Wednesday, December 24, 2008

Light one candle


It is remarkable what a difference a year can make.

Normally this type of introspection might be reserved for New Years Eve instead of Christmas Eve and yet there seems to be a greater significance in Christmas Eve. A new-year, like many marking points in our lives, refers simply to time passing at regular intervals. Yet Christmas is not merely a marker of time but of a singular event, an anchor in time (Both in religious sense and in the fact that the immortalized events for this occasion only occurred once.)
Thus as time moves forward and each new year comes upon us we can use Jan 1st to measure time and December 25th to measure ourselves. Are we were we want to be?

One year ago I was in the middle of the darkest years of my life. It was my own personal hell, in every sense of the word.
People close to me knew about what was going on in my life and, while this helped immensely, I still found myself with problems and concerns that I alone had to face. It seemed daunting. And, after many attempts to overcome and failing, it seemed impossible.
I could not do it alone. I couldn't. Despite how badly I wanted light, I felt like I was drowning in darkness.

The answer came many months later. It took me facing my greatest fear. It had to! Without facing our greatest fear we cannot hope to receive our greatest joy. Fear is only fear when we are not facing it. It is so because we do not know it, or we simply are afraid that by looking at it we have to accept it as truth.
It is a profoundly difficult thing to look at what you know you must do and be willing to accept the consequences of it. To be willing to admit we are perhaps more wrong, than we previously thought, without losing sight of how amazing we truly are.
I had people helping me but I had to jump into my worst fears completely alone -

I did it. A miracle occurred. I was not alone at all! In that moment, in the very act of leaping with full intent of heart, I knew I was not alone. I was lifted. I was strengthened. I was carried to see that the darkness was not dark at all. It was not free of consequence, but it was free of fear! There was hope!

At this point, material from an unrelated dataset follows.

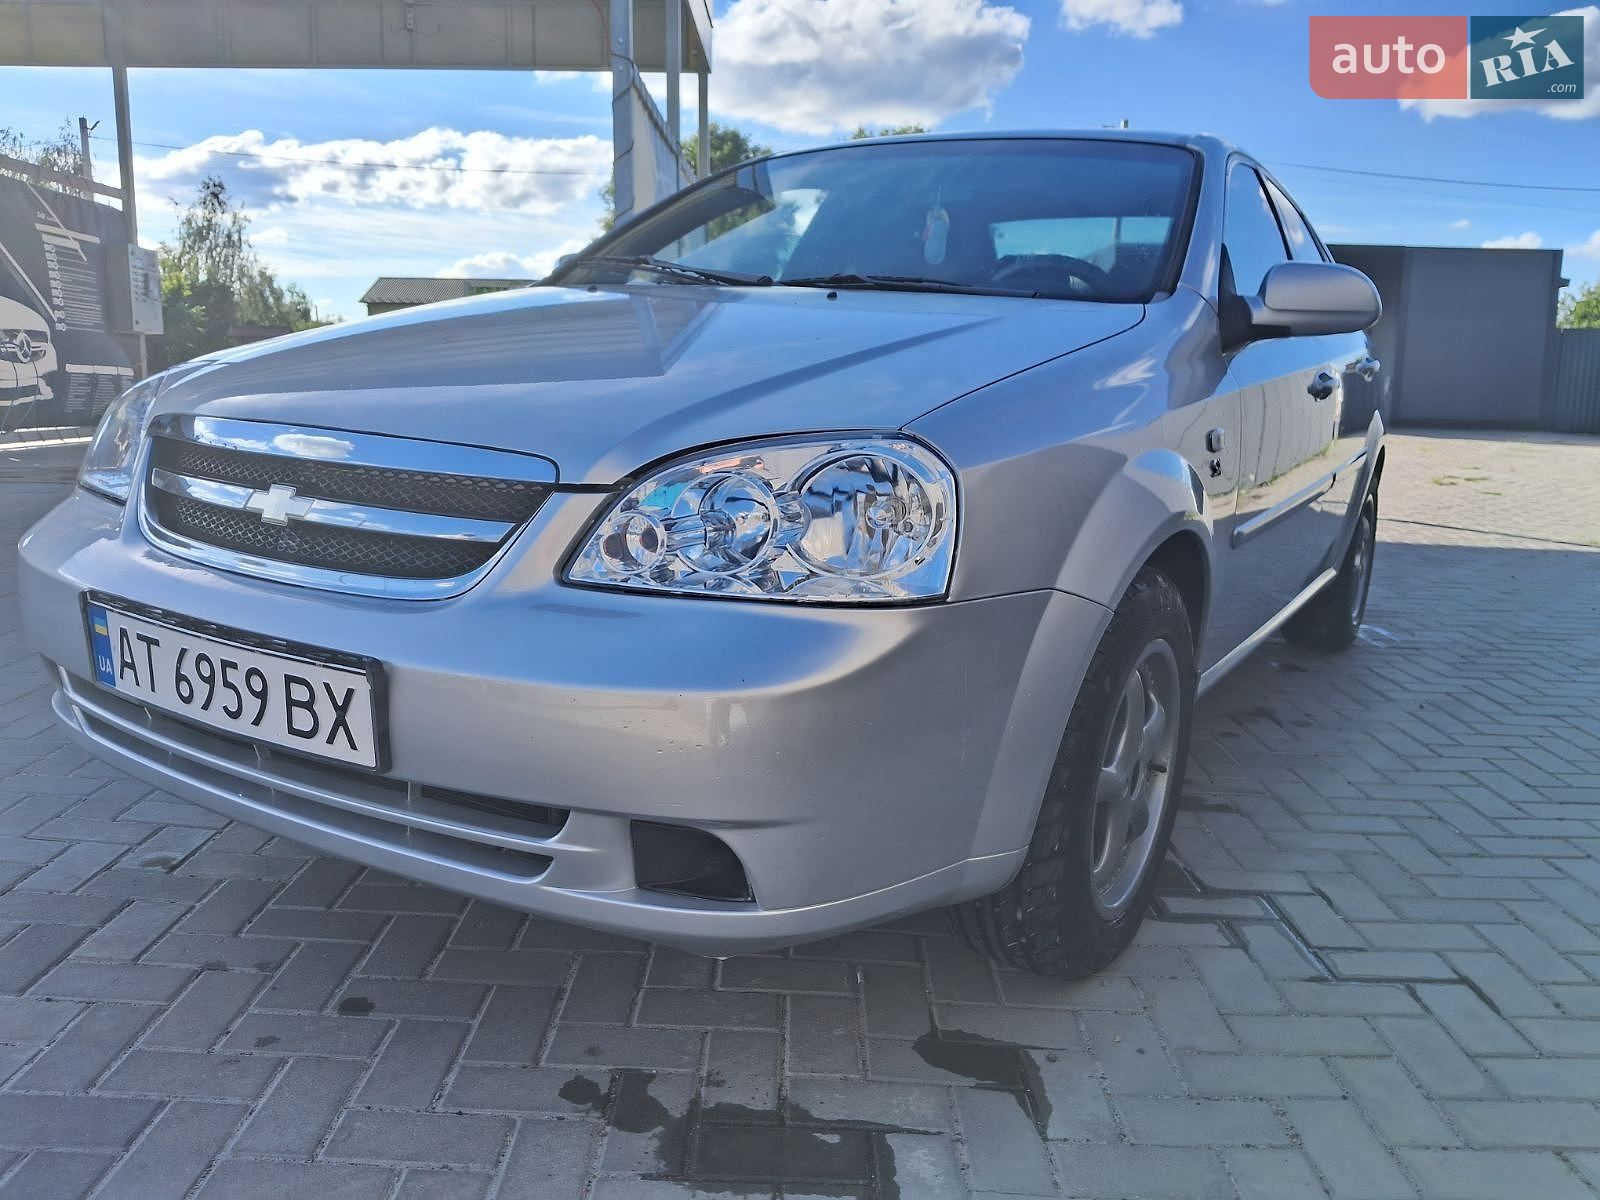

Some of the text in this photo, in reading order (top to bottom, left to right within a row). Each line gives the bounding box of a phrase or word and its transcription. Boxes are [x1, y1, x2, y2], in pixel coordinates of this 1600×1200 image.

The Savior descended below all things completely alone so that when we need to face our greatest fears we will not be alone. Taking the leap is a decision we must make on our own. It is the giving up of our will. Being completely opened to whatever may come despite what we fear. Once we have done this act that no one can do for us, I promise you will feel the arm of the Lord around you instantly! This does not mean the journey is done, but it does mean you can do it without fear.

I know there are many people suffering in this world. There are many who are lost, alone, afraid, concerned, hurt; feeling cut-off, rejected, unworthy, hopeless. I do not pretend to say that I fully understand your situation, but know that I do understand, to some degree, how you feel. And I do know you are not alone in it.

I believe there is truth out there. I believe that a great deal of this truth is wonderful. I do not say that my life is perfect or without any problems. I am far from perfect. But I do know that I have found hope! I am more grateful for it than I can express.
We ourselves are a source of light, a single candle in this world. Adding that to the light of the many wonderful people in my life the total becomes amplified. Choosing to add this to the greatest light source of all it becomes everlasting! I feel this, and believe this, and much of it I know because I have experienced it! God bless you all, whether you believe in him or not.

Happy Christmas!

Tuesday, December 9, 2008

A Loss for Words


There are not many times in my life that I am really at a loss or words. This is one of those times. (It's been happening a lot recently.) So I thought it would be a great time to do some writing.

I suppose I often am long winded because I have formulated many thoughts on many situations based on past experience. When I get in a similar experience I can draw upon previous thoughts in my mind and share them. I suppose this could be called wisdom, in fact I think it is. Unfortunately when we think we are wise we stop looking for new things and we become damned in our own lives.

Being at a loss for words usually happens when I experience something completely new. Thus there is no past experience for me to draw upon and I get lost.
It is in these times that I realize I am not as great at thinking as I am at remembering.
I suppose that’s not a terrible thing, its just how it is.

Recently I have found myself at a loss for words. It is terrifying because it means I am in un-charted waters. I ramble in the hopes to find my bearings so I can let my true-self shine through, often however this gets me deeper into uncharted waters and I look foolish. Perhaps this is my true self, or at least a soul trying to navigate out of those waters.

The best way out is to not think I always have to move forward. Sometimes I need to think about where to steer the tiller of my words and life before raising the sails.

Friday, November 28, 2008

A single bulb to start things off.


Have you ever had a light bulb burn out that you didn't replace right away? Did you notice that when you finally got around to replacing it that you were surprised at how much more light there was from the single missing bulb?
A single bulb is functional. But why just have function when you can have greater illumination? Generally I think we are unaware that we are missing any light because we have either become accustomed to the loss or we simply have never had any more.

Recently for me I have had many burned out bulbs replaced. My room is very bright now and I am very happy about that. The process of replacement can be hard but it becomes easier to do when there is more light to work in. I am grateful for that and for the unexpected bulbs that I am finding along the way.